Your assignment:
Output each of the entries exactly, skipping every picture they contain.

Dataset records:
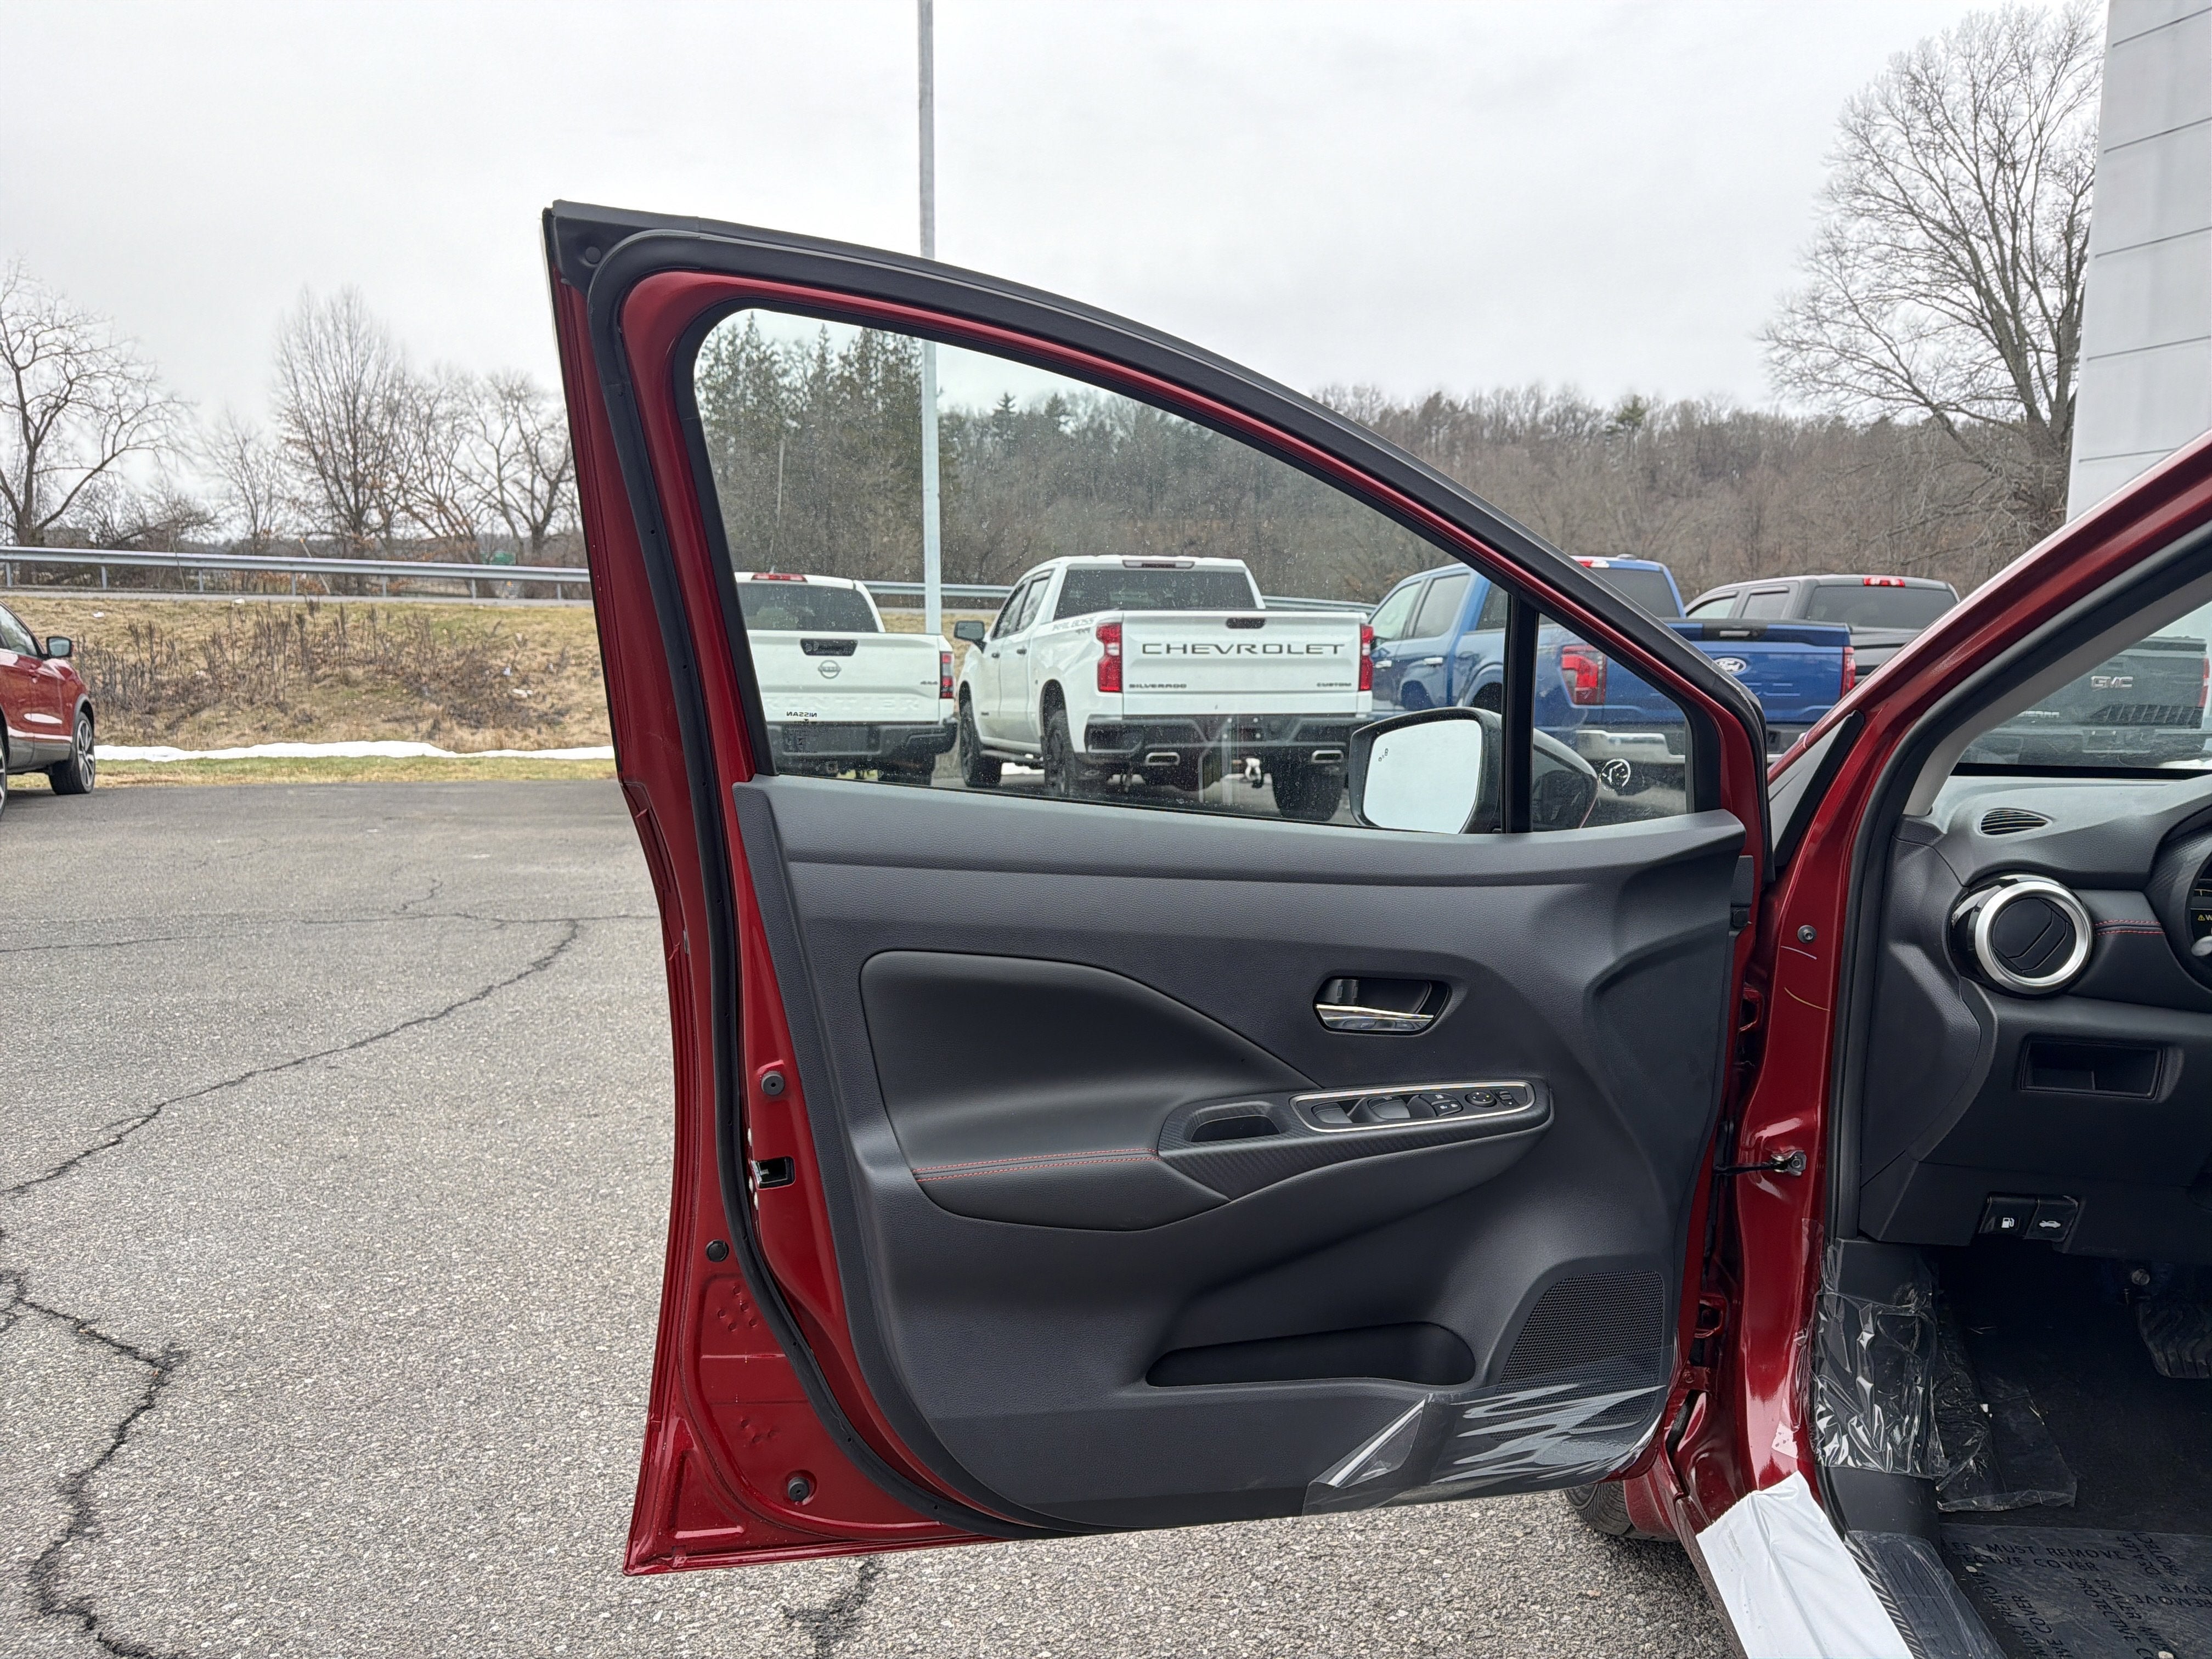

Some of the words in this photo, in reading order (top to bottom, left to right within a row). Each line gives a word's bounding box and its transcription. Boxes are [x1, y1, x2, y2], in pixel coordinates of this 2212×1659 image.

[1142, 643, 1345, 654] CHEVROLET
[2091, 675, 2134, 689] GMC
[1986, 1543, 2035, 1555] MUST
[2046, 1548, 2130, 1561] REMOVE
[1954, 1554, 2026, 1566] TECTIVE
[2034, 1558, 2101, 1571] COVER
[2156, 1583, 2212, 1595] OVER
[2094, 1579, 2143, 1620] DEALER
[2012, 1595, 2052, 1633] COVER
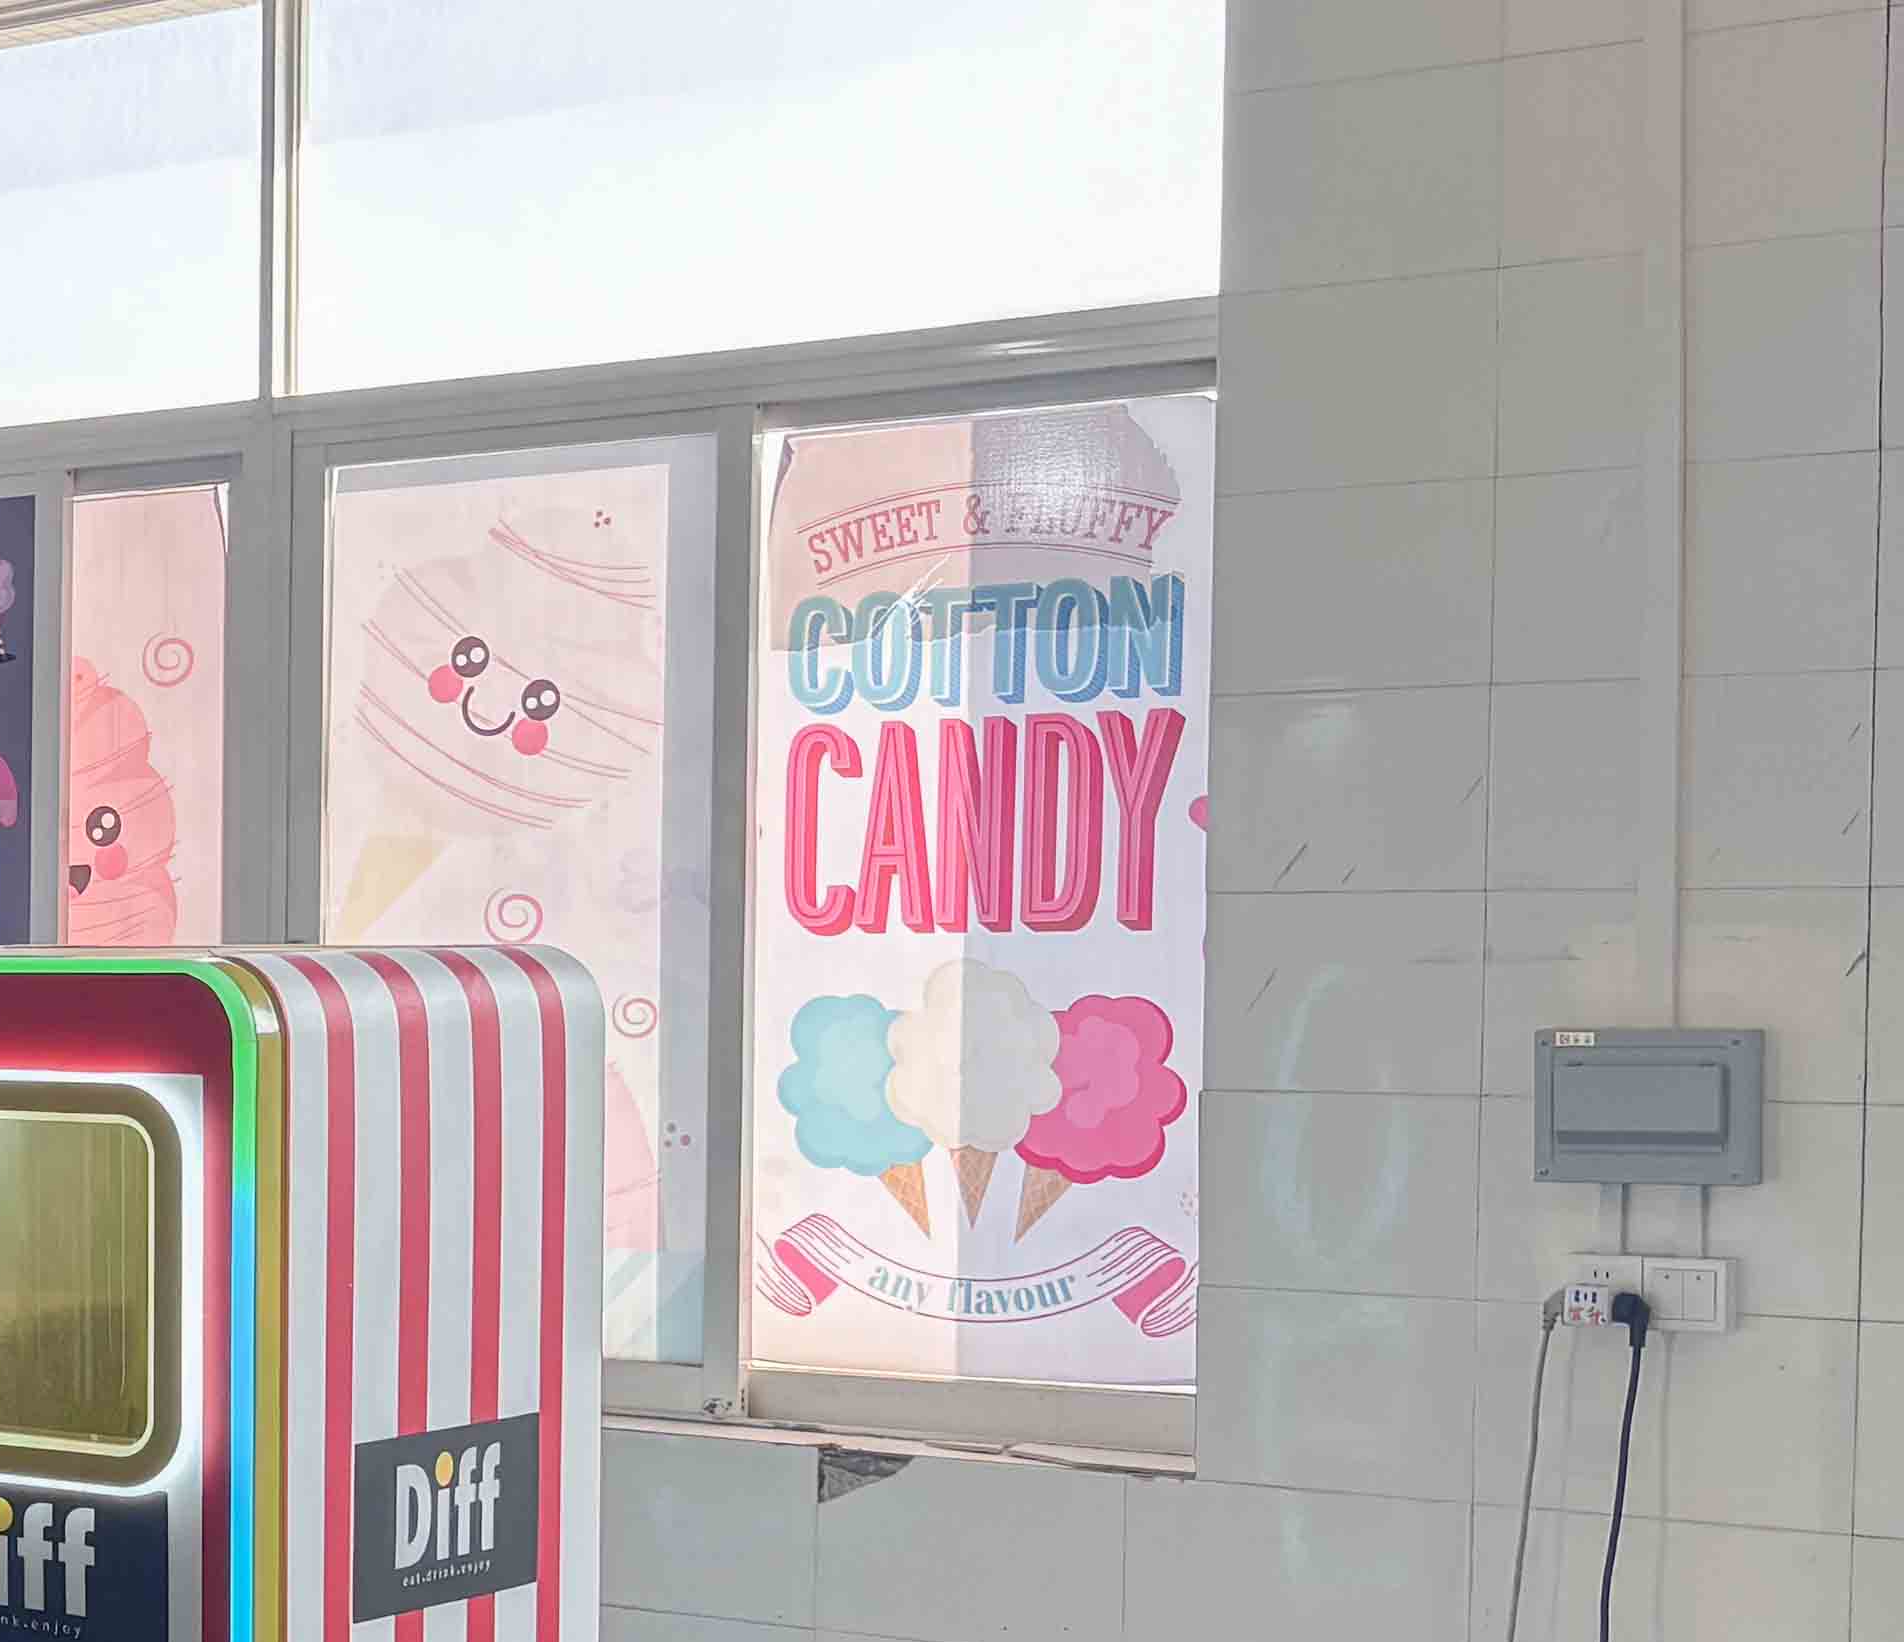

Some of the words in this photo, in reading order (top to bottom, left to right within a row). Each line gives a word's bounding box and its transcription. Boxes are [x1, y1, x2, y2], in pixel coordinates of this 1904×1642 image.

Response to the task:
Some of the words in this photo, in reading order (top to bottom, left to right within a row). Each line gives a word's bounding box and its transcription. Boxes are [x1, y1, x2, y2], in pixel coordinates of this 2212×1659 image.

[1142, 643, 1345, 654] CHEVROLET
[2091, 675, 2134, 689] GMC
[1986, 1543, 2035, 1555] MUST
[2046, 1548, 2130, 1561] REMOVE
[1954, 1554, 2026, 1566] TECTIVE
[2034, 1558, 2101, 1571] COVER
[2156, 1583, 2212, 1595] OVER
[2094, 1579, 2143, 1620] DEALER
[2012, 1595, 2052, 1633] COVER

Some of the words in this photo, in reading order (top to bottom, left to right within a row). Each line gives a word's bounding box and its transcription. Boxes are [x1, y1, x2, y2], in pixel coordinates of this 1904×1642 image.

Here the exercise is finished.